Data under study:

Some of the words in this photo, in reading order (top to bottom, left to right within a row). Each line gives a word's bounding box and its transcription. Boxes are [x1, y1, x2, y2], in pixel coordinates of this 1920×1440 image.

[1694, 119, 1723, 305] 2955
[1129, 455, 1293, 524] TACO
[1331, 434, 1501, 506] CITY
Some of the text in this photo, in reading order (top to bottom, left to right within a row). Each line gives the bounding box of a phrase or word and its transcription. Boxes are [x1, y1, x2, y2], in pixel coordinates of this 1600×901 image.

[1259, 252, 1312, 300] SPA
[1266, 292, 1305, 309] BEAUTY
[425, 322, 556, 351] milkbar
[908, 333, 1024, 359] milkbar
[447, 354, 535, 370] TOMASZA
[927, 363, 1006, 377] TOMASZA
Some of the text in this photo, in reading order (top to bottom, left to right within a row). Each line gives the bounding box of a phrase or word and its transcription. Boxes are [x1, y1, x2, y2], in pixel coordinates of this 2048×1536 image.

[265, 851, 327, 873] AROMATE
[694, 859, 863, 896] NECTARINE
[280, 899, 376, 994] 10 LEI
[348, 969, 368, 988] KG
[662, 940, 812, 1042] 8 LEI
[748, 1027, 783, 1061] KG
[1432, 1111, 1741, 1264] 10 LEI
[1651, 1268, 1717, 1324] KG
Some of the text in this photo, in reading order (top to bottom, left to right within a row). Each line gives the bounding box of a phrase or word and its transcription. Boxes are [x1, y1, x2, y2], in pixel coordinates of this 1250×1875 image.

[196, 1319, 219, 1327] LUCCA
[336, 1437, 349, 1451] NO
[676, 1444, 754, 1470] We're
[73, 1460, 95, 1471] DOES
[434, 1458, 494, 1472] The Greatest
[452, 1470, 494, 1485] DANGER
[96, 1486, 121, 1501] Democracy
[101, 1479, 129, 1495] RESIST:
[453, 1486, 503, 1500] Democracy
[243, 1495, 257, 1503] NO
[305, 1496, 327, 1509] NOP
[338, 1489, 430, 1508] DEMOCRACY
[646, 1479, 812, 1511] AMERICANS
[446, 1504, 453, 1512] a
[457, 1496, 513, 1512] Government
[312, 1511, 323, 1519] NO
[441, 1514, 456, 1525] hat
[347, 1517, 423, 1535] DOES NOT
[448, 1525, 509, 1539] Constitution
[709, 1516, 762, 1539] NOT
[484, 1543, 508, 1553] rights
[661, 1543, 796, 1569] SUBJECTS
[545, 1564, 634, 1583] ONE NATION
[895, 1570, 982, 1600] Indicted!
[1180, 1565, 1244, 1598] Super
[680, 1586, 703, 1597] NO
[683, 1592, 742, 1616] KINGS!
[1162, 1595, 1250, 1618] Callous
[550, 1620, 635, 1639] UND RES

What to do: Please set down the material above once more, word for word.

Response below:
Some of the words in this photo, in reading order (top to bottom, left to right within a row). Each line gives a word's bounding box and its transcription. Boxes are [x1, y1, x2, y2], in pixel coordinates of this 1920×1440 image.

[1694, 119, 1723, 305] 2955
[1129, 455, 1293, 524] TACO
[1331, 434, 1501, 506] CITY
Some of the text in this photo, in reading order (top to bottom, left to right within a row). Each line gives the bounding box of a phrase or word and its transcription. Boxes are [x1, y1, x2, y2], in pixel coordinates of this 1600×901 image.

[1259, 252, 1312, 300] SPA
[1266, 292, 1305, 309] BEAUTY
[425, 322, 556, 351] milkbar
[908, 333, 1024, 359] milkbar
[447, 354, 535, 370] TOMASZA
[927, 363, 1006, 377] TOMASZA
Some of the text in this photo, in reading order (top to bottom, left to right within a row). Each line gives the bounding box of a phrase or word and its transcription. Boxes are [x1, y1, x2, y2], in pixel coordinates of this 2048×1536 image.

[265, 851, 327, 873] AROMATE
[694, 859, 863, 896] NECTARINE
[280, 899, 376, 994] 10 LEI
[348, 969, 368, 988] KG
[662, 940, 812, 1042] 8 LEI
[748, 1027, 783, 1061] KG
[1432, 1111, 1741, 1264] 10 LEI
[1651, 1268, 1717, 1324] KG
Some of the text in this photo, in reading order (top to bottom, left to right within a row). Each line gives the bounding box of a phrase or word and its transcription. Boxes are [x1, y1, x2, y2], in pixel coordinates of this 1250×1875 image.

[196, 1319, 219, 1327] LUCCA
[336, 1437, 349, 1451] NO
[676, 1444, 754, 1470] We're
[73, 1460, 95, 1471] DOES
[434, 1458, 494, 1472] The Greatest
[452, 1470, 494, 1485] DANGER
[96, 1486, 121, 1501] Democracy
[101, 1479, 129, 1495] RESIST:
[453, 1486, 503, 1500] Democracy
[243, 1495, 257, 1503] NO
[305, 1496, 327, 1509] NOP
[338, 1489, 430, 1508] DEMOCRACY
[646, 1479, 812, 1511] AMERICANS
[446, 1504, 453, 1512] a
[457, 1496, 513, 1512] Government
[312, 1511, 323, 1519] NO
[441, 1514, 456, 1525] hat
[347, 1517, 423, 1535] DOES NOT
[448, 1525, 509, 1539] Constitution
[709, 1516, 762, 1539] NOT
[484, 1543, 508, 1553] rights
[661, 1543, 796, 1569] SUBJECTS
[545, 1564, 634, 1583] ONE NATION
[895, 1570, 982, 1600] Indicted!
[1180, 1565, 1244, 1598] Super
[680, 1586, 703, 1597] NO
[683, 1592, 742, 1616] KINGS!
[1162, 1595, 1250, 1618] Callous
[550, 1620, 635, 1639] UND RES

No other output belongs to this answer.